To begin with, it was one of the few occasions when we were turned loose in the store and got to actually pick out what we wanted. It was all regulated by mom’s budget, of course, and by the mimeographed lists from teachers specifying that we needed crayons and tablets and paste and scissors (blunt-nosed) and construction paper and those sorts of things.
But we went right up to the shelf ourselves and decided whether we wanted a blue plastic ruler or a red one, and debated over the tablet with the Indian on the front or the one with the blue horse.
Crayon selection was one of the first events. Mom always wanted to get the small box, because that’s all teacher said we needed. But we always convinced her that our true artistic temperament could be served only with the big box with all of the colors in it.
Other than crayons, there were three items of utmost import that really made the adventure: your lunch box, your satchel, and your pencil box.
Lunch boxes came in different styles and shapes and colors, but we generally got the kind with the curved top that a thermos fit into. It was the design on it that was most important. Some had farm scenes, others had circus clowns marching around them, still others offered a parade of horses or dogs or other domestic animals. You had to select carefully because you wouldn’t want to be the only kid in your class with clowns – and you wanted to be a little bit different, too.
Satchels, likewise, were made in a variety of shapes and sizes — important considerations. But the overriding consideration here was the number of pockets the satchel had.
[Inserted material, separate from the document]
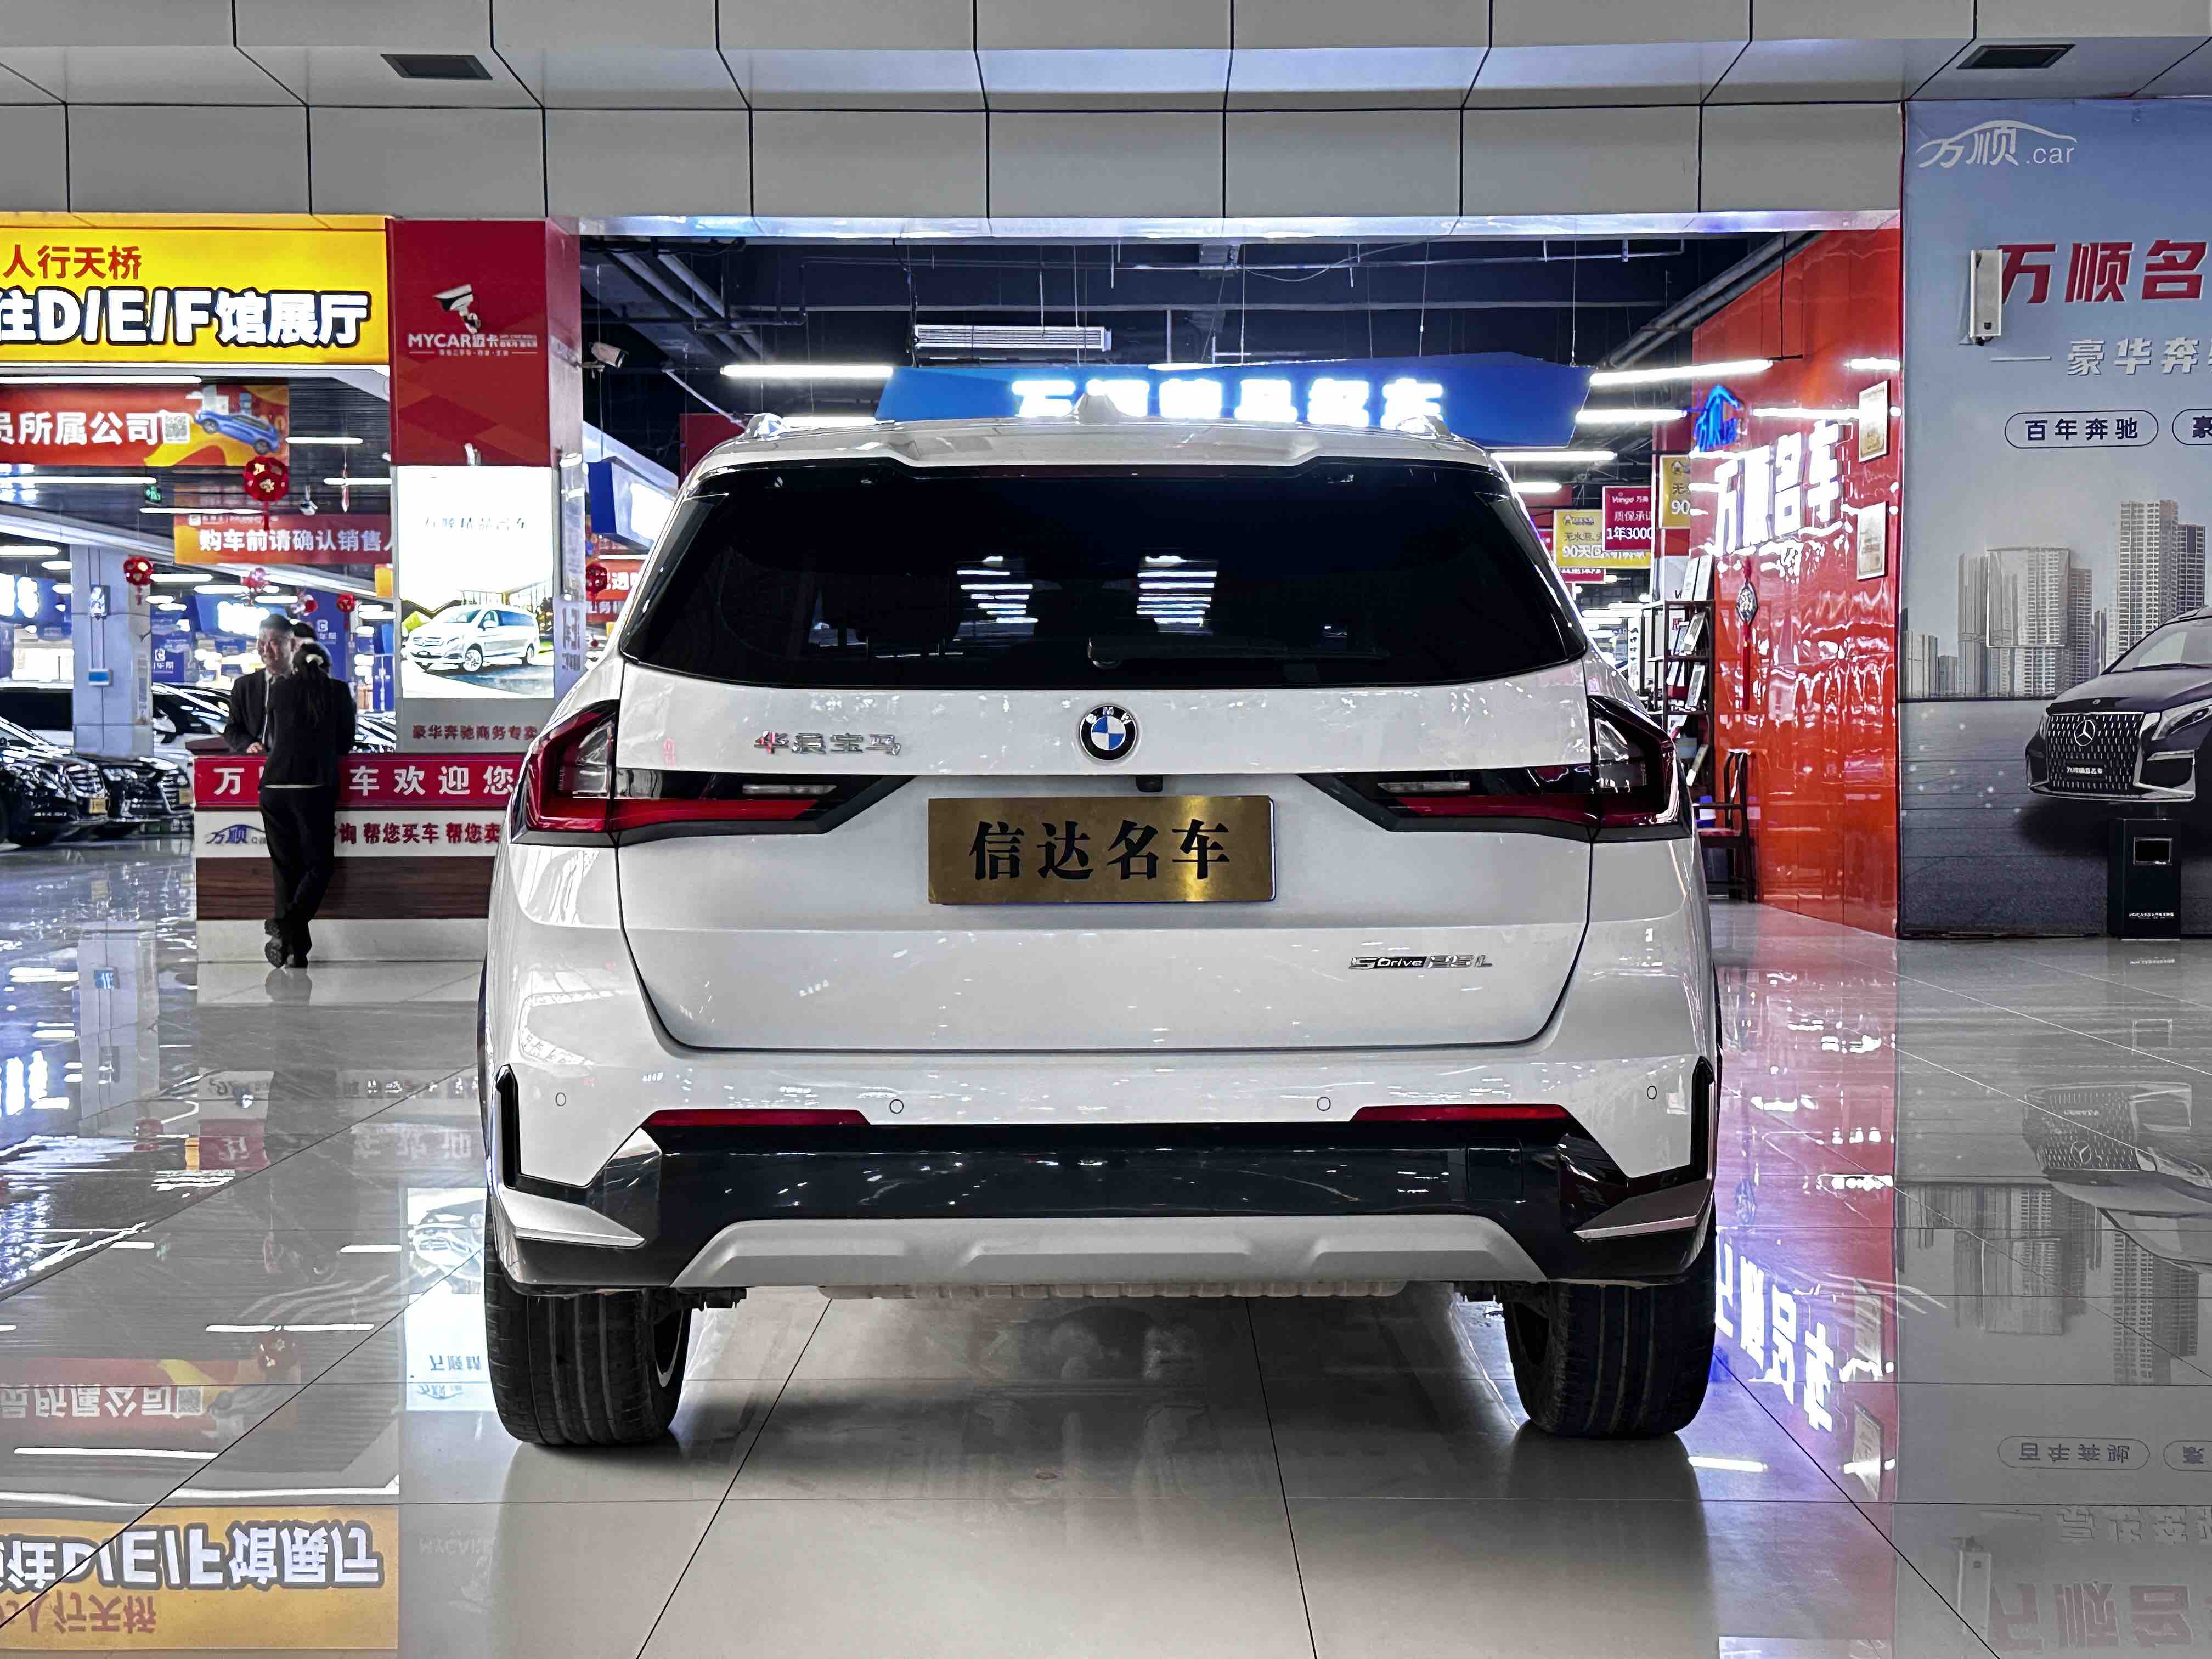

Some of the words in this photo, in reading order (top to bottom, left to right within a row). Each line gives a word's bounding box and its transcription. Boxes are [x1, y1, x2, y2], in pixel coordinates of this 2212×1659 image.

Most were divided into two sections inside. One side was for papers, the other for books. That was standard. But your prestige in the classroom was related directly to the number and variety of pockets on the outside. If you could get one with a separate pocket for crayons, another for pencils, a long one to slide your ruler into, and a few smaller ones for the sundries schoolkids carry, you’d really be something.
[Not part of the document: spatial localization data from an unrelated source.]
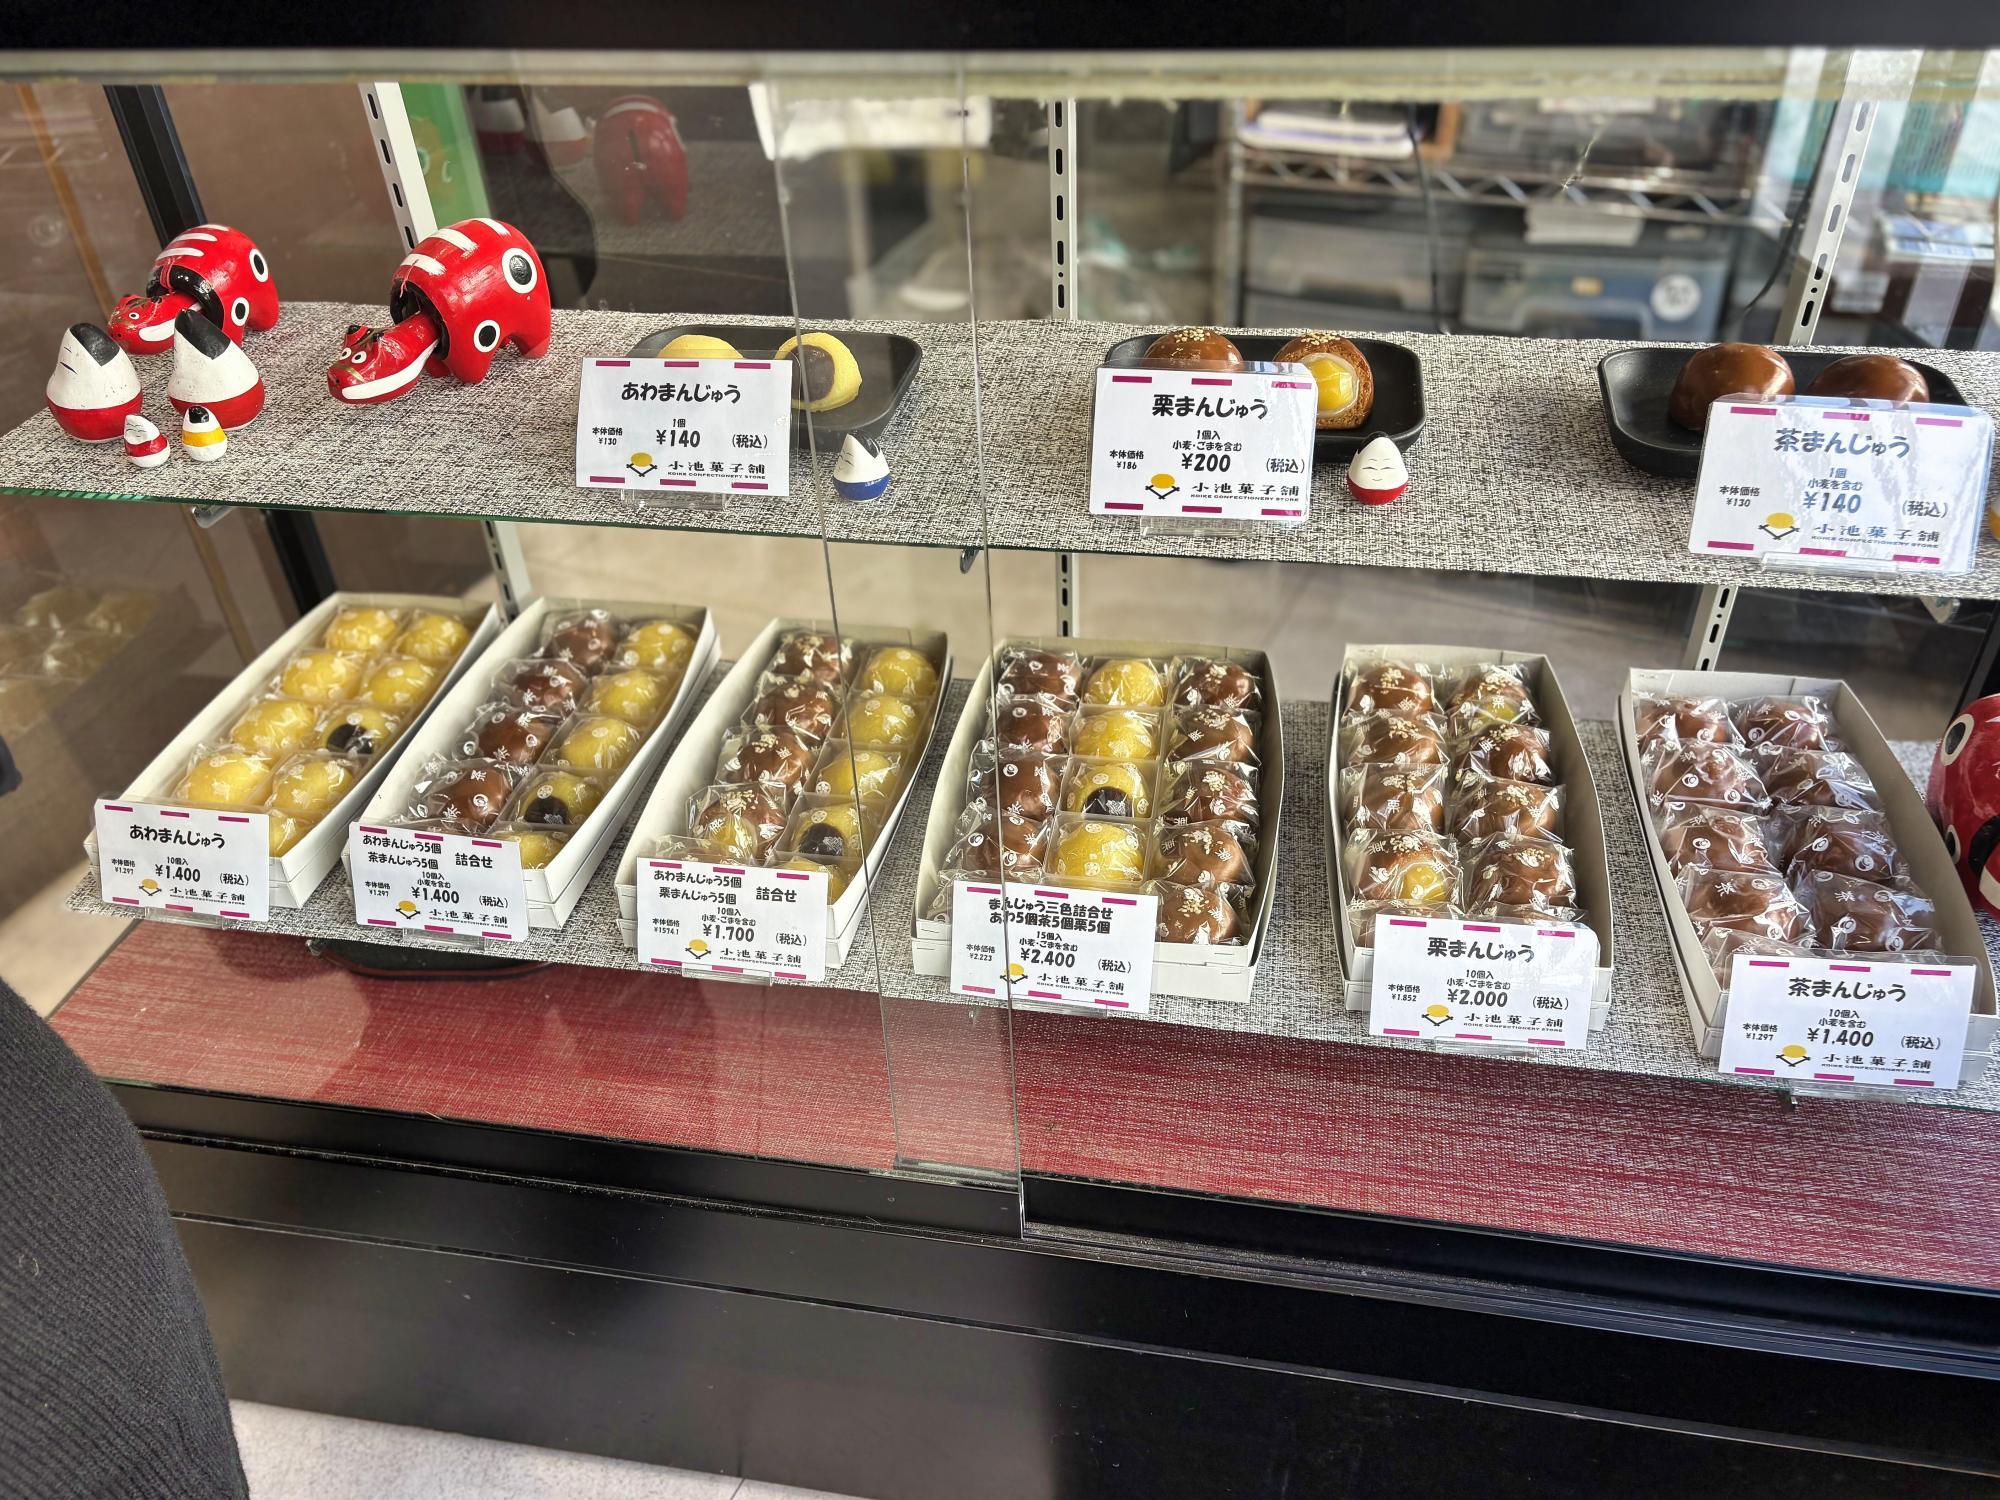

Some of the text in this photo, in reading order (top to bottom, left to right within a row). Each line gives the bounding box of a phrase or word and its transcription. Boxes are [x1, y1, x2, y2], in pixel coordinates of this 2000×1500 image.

[621, 381, 740, 404] あわまんじゅう
[1152, 394, 1269, 420] 栗まんじゅう
[672, 419, 686, 428] 1個
[592, 427, 623, 436] 本体価格
[1196, 430, 1221, 440] 1個入
[599, 437, 617, 446] ¥130
[656, 430, 701, 448] ¥140
[732, 434, 768, 449] (税込)
[1773, 427, 1910, 458] 茶まんじゅう
[1109, 450, 1145, 460] 本体価格
[1116, 461, 1137, 470] ¥186
[1181, 453, 1231, 473] ¥200
[1266, 458, 1305, 474] (税込)
[1829, 467, 1847, 478] 1個
[1719, 485, 1760, 497] 本体価格
[1807, 478, 1863, 492] 小麦を含む
[1726, 497, 1750, 507] ¥130
[1802, 491, 1861, 514] ¥140
[1902, 500, 1948, 519] (税込)
[130, 824, 225, 849] あわまんじゅう
[363, 835, 442, 854] あわまんじゅう5個
[111, 858, 136, 867] 本体価格
[167, 856, 188, 866] 10個入
[368, 851, 439, 870] 茶まんじゅう5個
[455, 853, 493, 869] 詰合せ
[219, 873, 249, 886] (税込)
[422, 871, 445, 881] 10個入
[654, 869, 742, 889] あわまんじゅう5個
[365, 881, 391, 890] 本体価格
[659, 886, 737, 905] 栗まんじゅう5個
[755, 886, 797, 903] 詰合せ
[479, 895, 509, 909] (税込)
[988, 897, 1113, 920] まんじゅう三色詰合せ
[717, 907, 742, 917] 10個入
[652, 917, 680, 928] 本体価格
[989, 911, 1110, 934] あわ5個茶5個栗5個
[775, 932, 807, 946] (税込)
[1036, 931, 1063, 942] 15個入
[966, 943, 996, 954] 本体価格
[1427, 936, 1535, 963] 栗まんじゅう
[1097, 958, 1132, 974] (税込)
[1465, 969, 1494, 980] 10個入
[1387, 983, 1421, 994] 本体価格
[1788, 976, 1906, 1003] 茶まんじゅう
[1532, 995, 1569, 1011] (税込)
[1828, 1008, 1860, 1019] 10個入
[1742, 1023, 1778, 1033] 本体価格
[1818, 1018, 1866, 1029] 小麦を含む
[1900, 1035, 1941, 1051] (税込)
I mean, a kid could walk across the playground with head held high with all of those pockets bulging.
But the true test came with the pencil box. Pencil boxes, of course, contained pencils. They were in the top section of the box, neatly divided according to color. They all had black lead, but the wood came in different colors. Red ones were first, then green ones, then blue ones. That was just the way it was.
But that was only the beginning.
There were one-drawer pencil boxes, two-drawer pencil boxes, and super-duper three-drawer pencil boxes that were the Holy Grail of the kindergarten set. These were filled with wonderful things: a plastic pencil sharpener, a big rubber eraser, pencils with colored lead, a metal ruler, and a protractor that was great for drawing Halloween pumpkins.
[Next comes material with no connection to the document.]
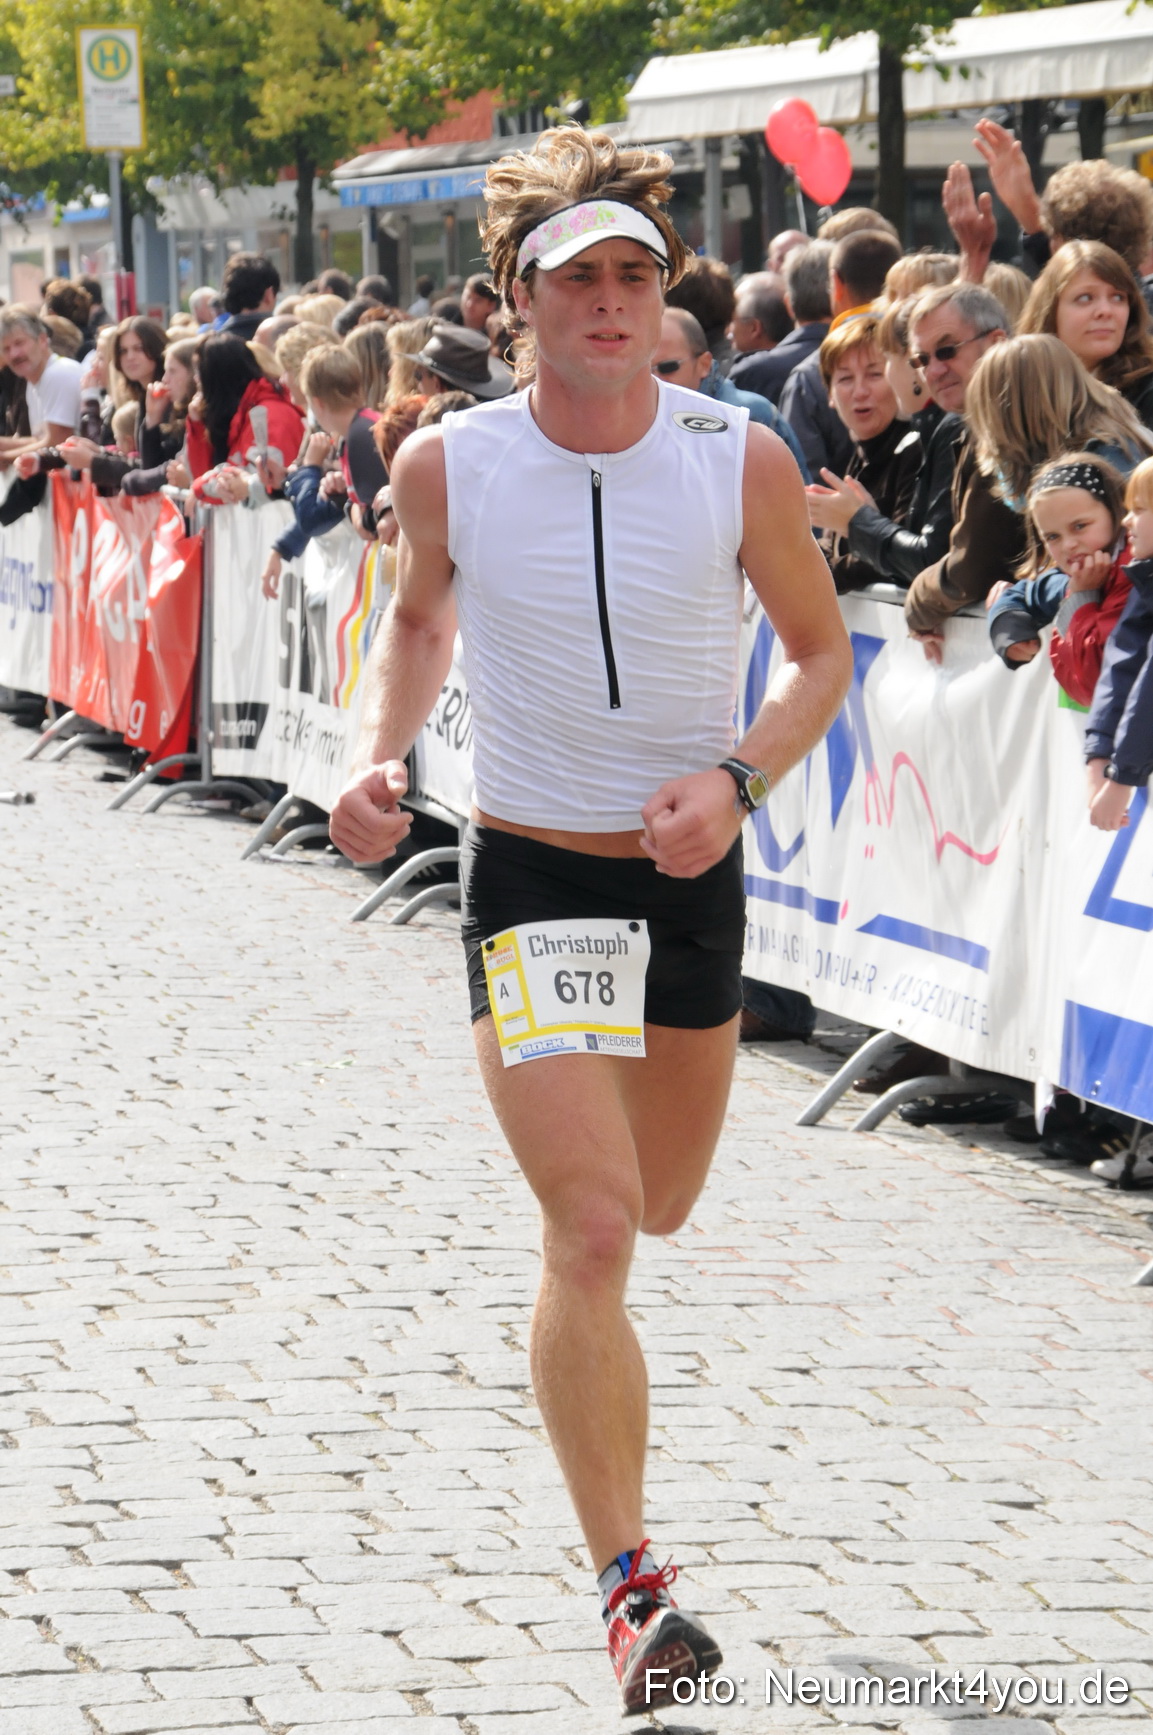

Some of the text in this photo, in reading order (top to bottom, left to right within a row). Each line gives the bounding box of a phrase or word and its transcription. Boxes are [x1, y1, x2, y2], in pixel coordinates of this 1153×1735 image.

The first thing to do on the first day of class was to carefully, but casually, open all of the snaps on your many-pocketed satchel and lift out your Big Box of crayons and your pencil box. The pencil box was placed on the right-hand corner of your desk. After looking around to be sure that yours had been noticed, you began to pull open the drawers, one at a time, and lift out each item for inspection.
You, of course, knew what was in each place, having inspected the box 54 times since getting it home from the store. The inspection was for the benefit of your classmates, who never noticed, because they were busy inspecting their pencil boxes for your benefit.
The showdown came at protractor time. The one-drawer boxes had to throw in their hand, having no protractor. The two-drawer boxes had a flimsy metal one. But the three-drawer protractor was a thing of beauty: solid, colored plastic, big enough to draw huge pumpkins with a center cut just right to circle a full moon over the pumpkin patch.
You were someone to be noticed if you held up a three-drawer protractor.